▸ ASSIGNMENT
Which of the lines below contain the string "words"? Copy each one.

▸ MATERIAL FOR THIS TASK

====

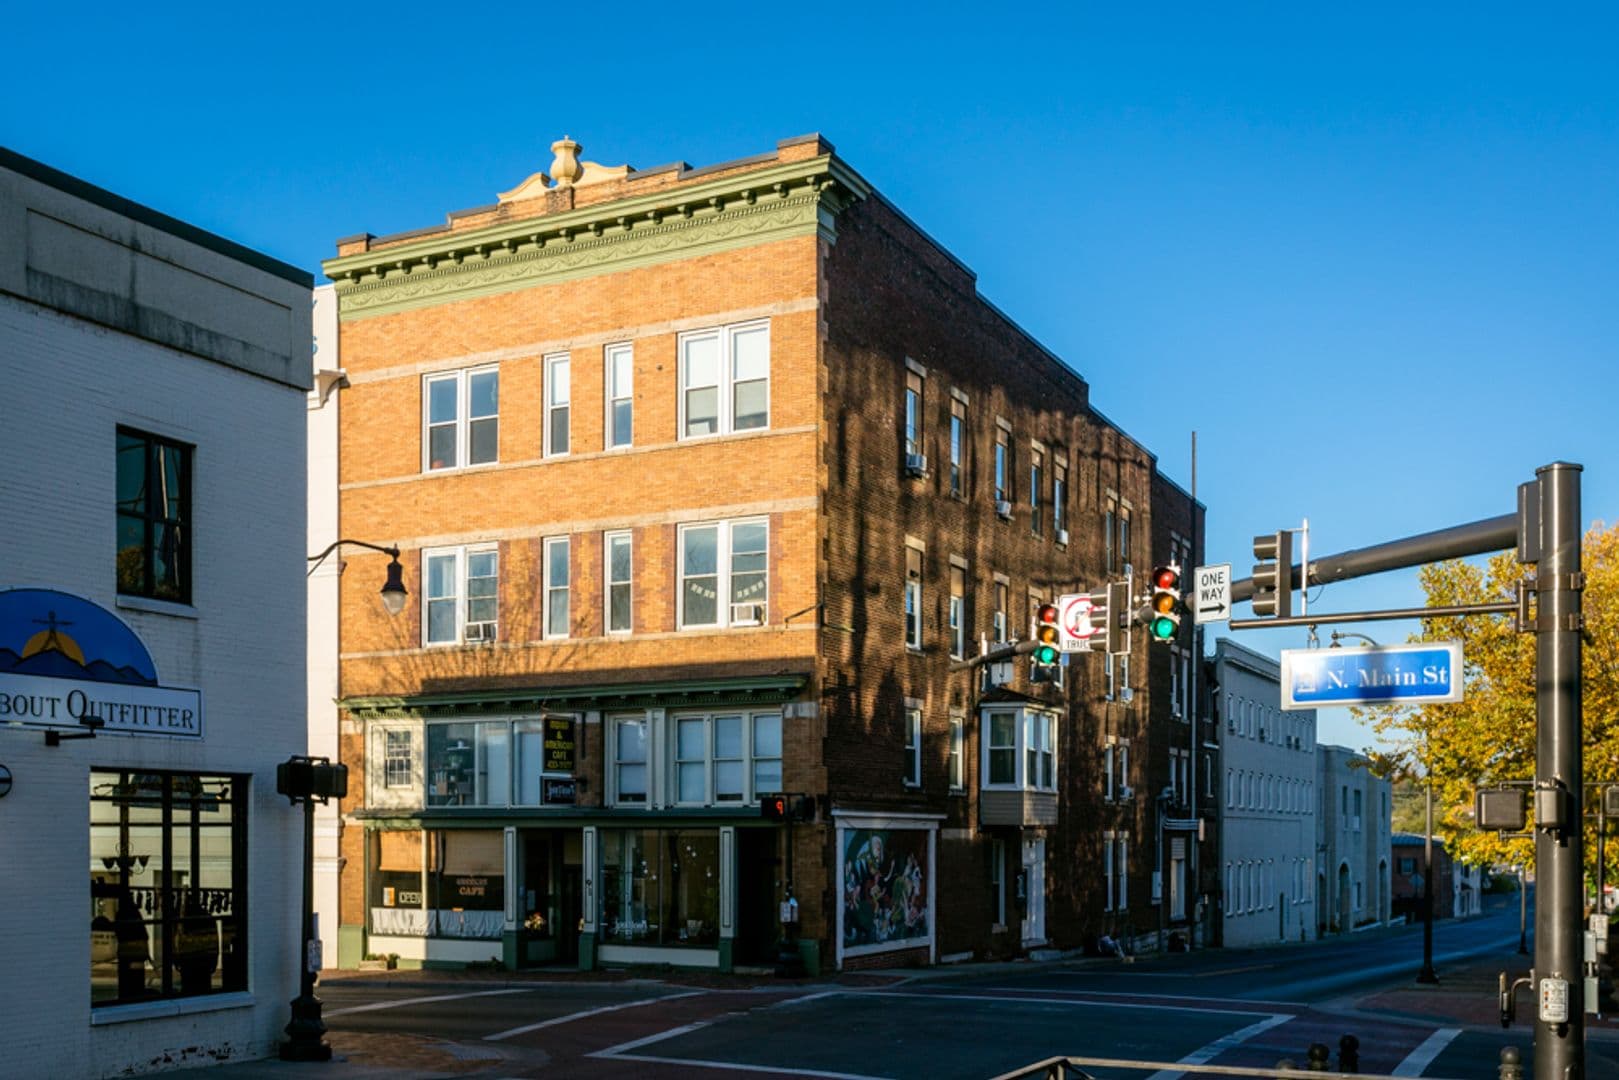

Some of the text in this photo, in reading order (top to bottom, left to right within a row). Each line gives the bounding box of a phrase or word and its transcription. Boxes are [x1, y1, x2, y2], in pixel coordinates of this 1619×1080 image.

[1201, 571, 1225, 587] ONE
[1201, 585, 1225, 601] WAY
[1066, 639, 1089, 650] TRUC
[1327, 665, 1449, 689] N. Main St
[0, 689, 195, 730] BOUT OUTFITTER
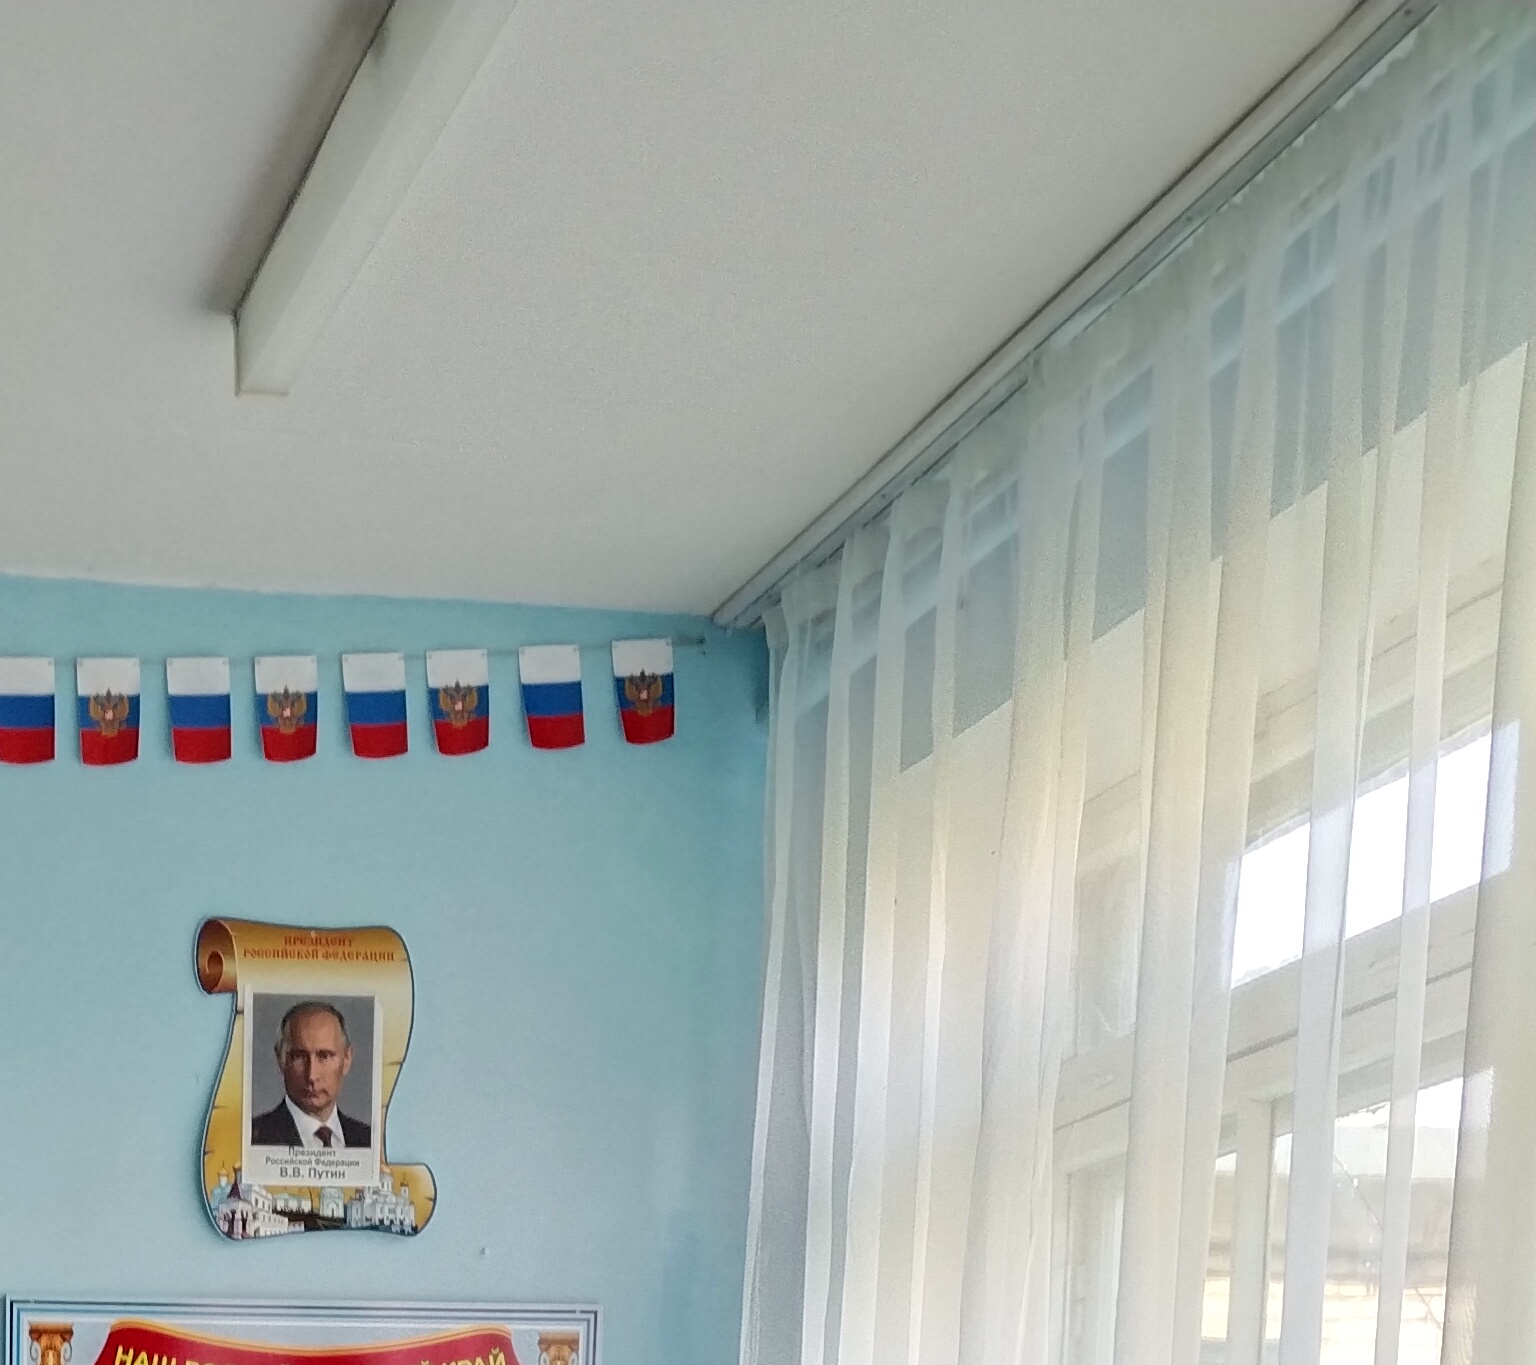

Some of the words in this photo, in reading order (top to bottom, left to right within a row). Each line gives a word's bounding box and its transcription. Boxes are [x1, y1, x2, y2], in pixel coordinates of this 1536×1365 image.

====

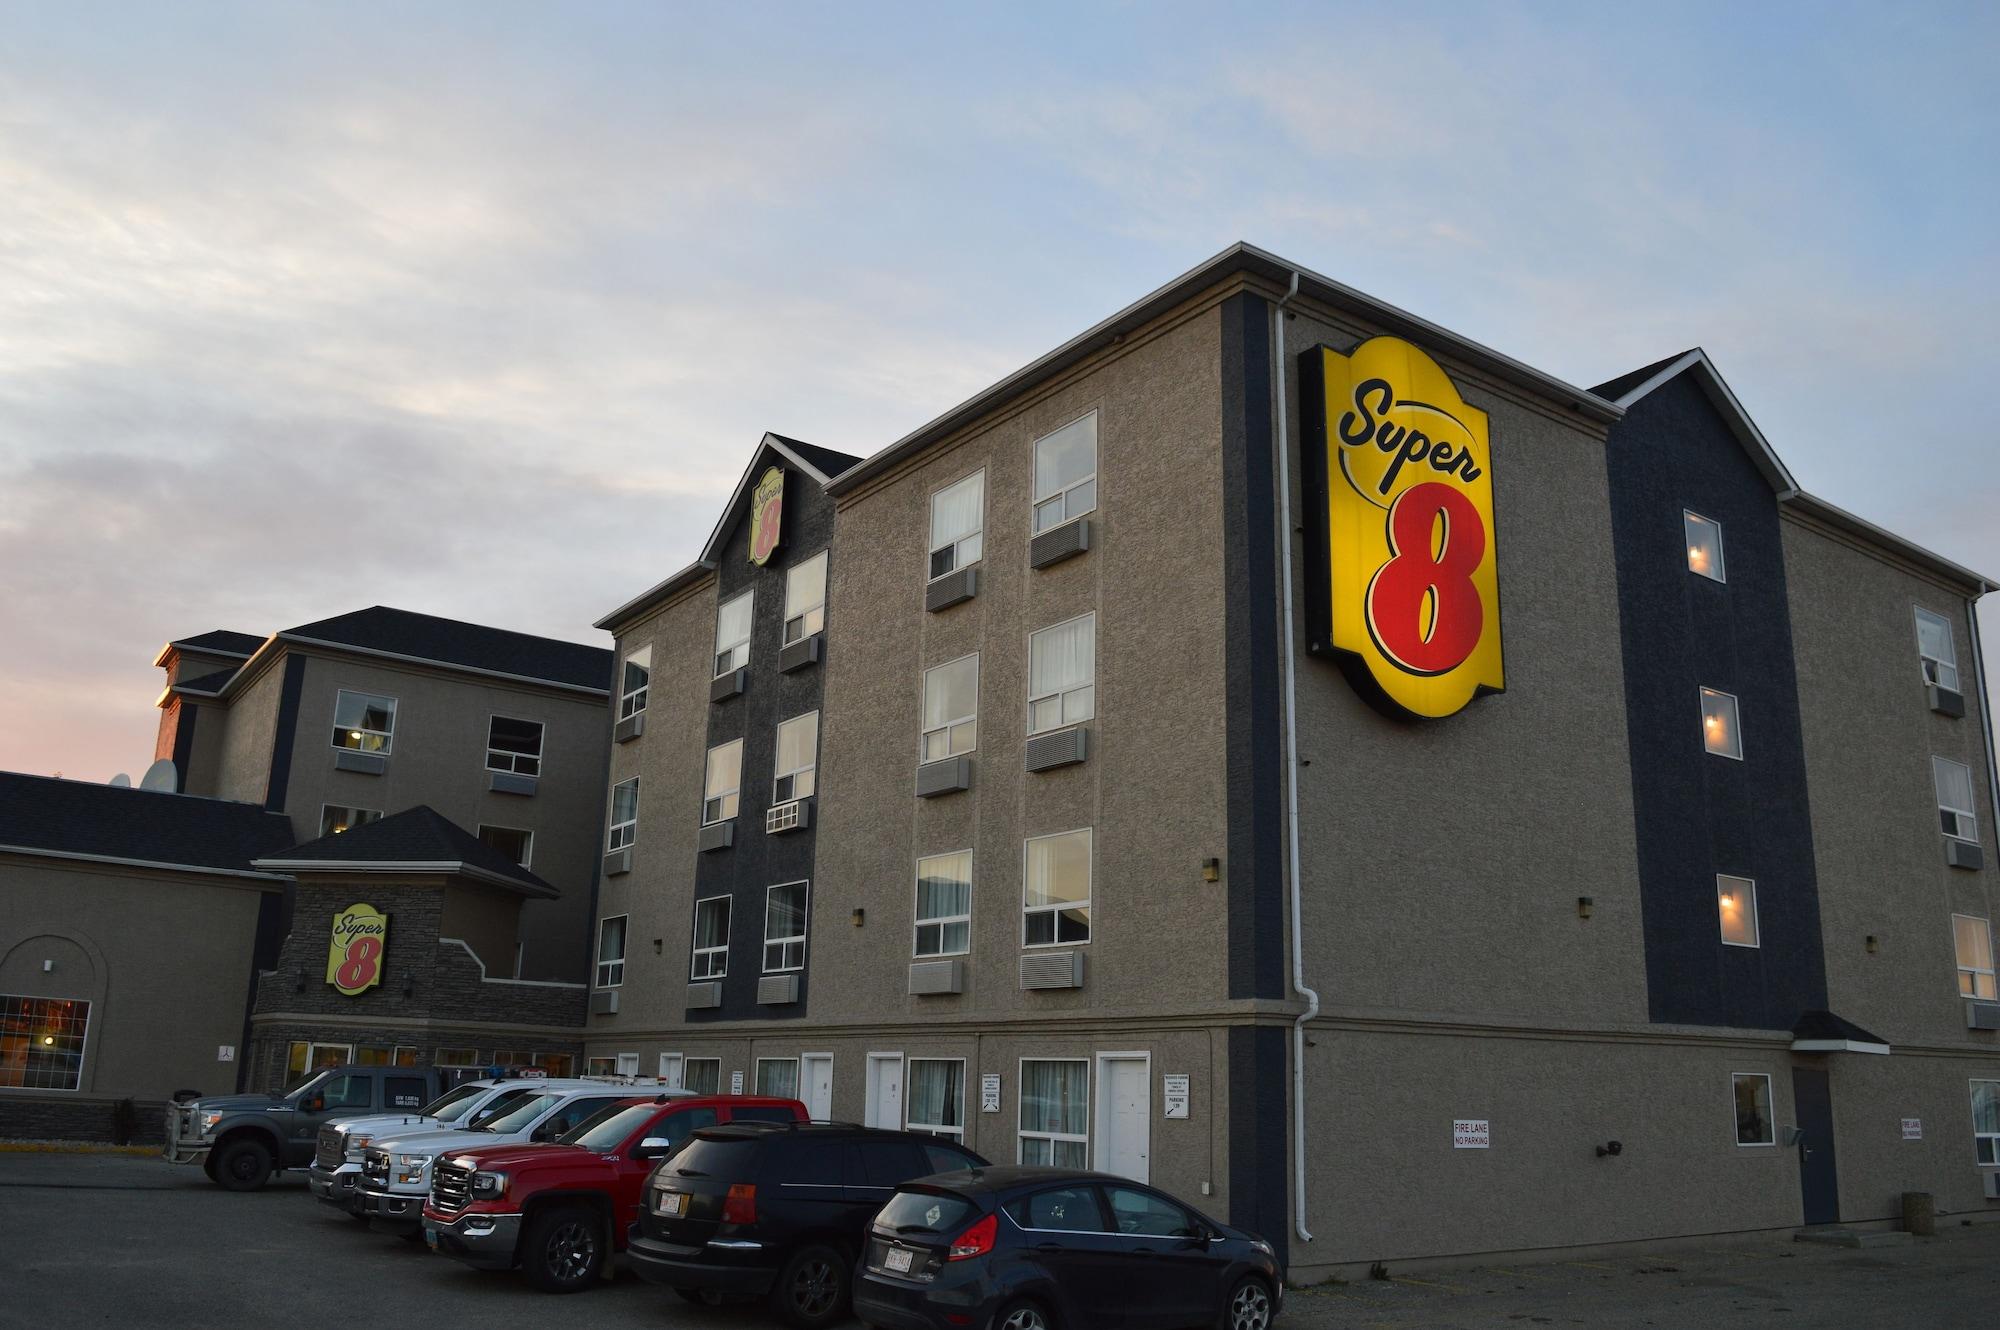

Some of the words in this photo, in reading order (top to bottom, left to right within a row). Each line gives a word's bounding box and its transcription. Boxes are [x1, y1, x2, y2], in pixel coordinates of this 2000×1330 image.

====

▸ YOUR SOLUTION
Some of the words in this photo, in reading order (top to bottom, left to right within a row). Each line gives a word's bounding box and its transcription. Boxes are [x1, y1, x2, y2], in pixel coordinates of this 1536×1365 image.
Some of the words in this photo, in reading order (top to bottom, left to right within a row). Each line gives a word's bounding box and its transcription. Boxes are [x1, y1, x2, y2], in pixel coordinates of this 2000×1330 image.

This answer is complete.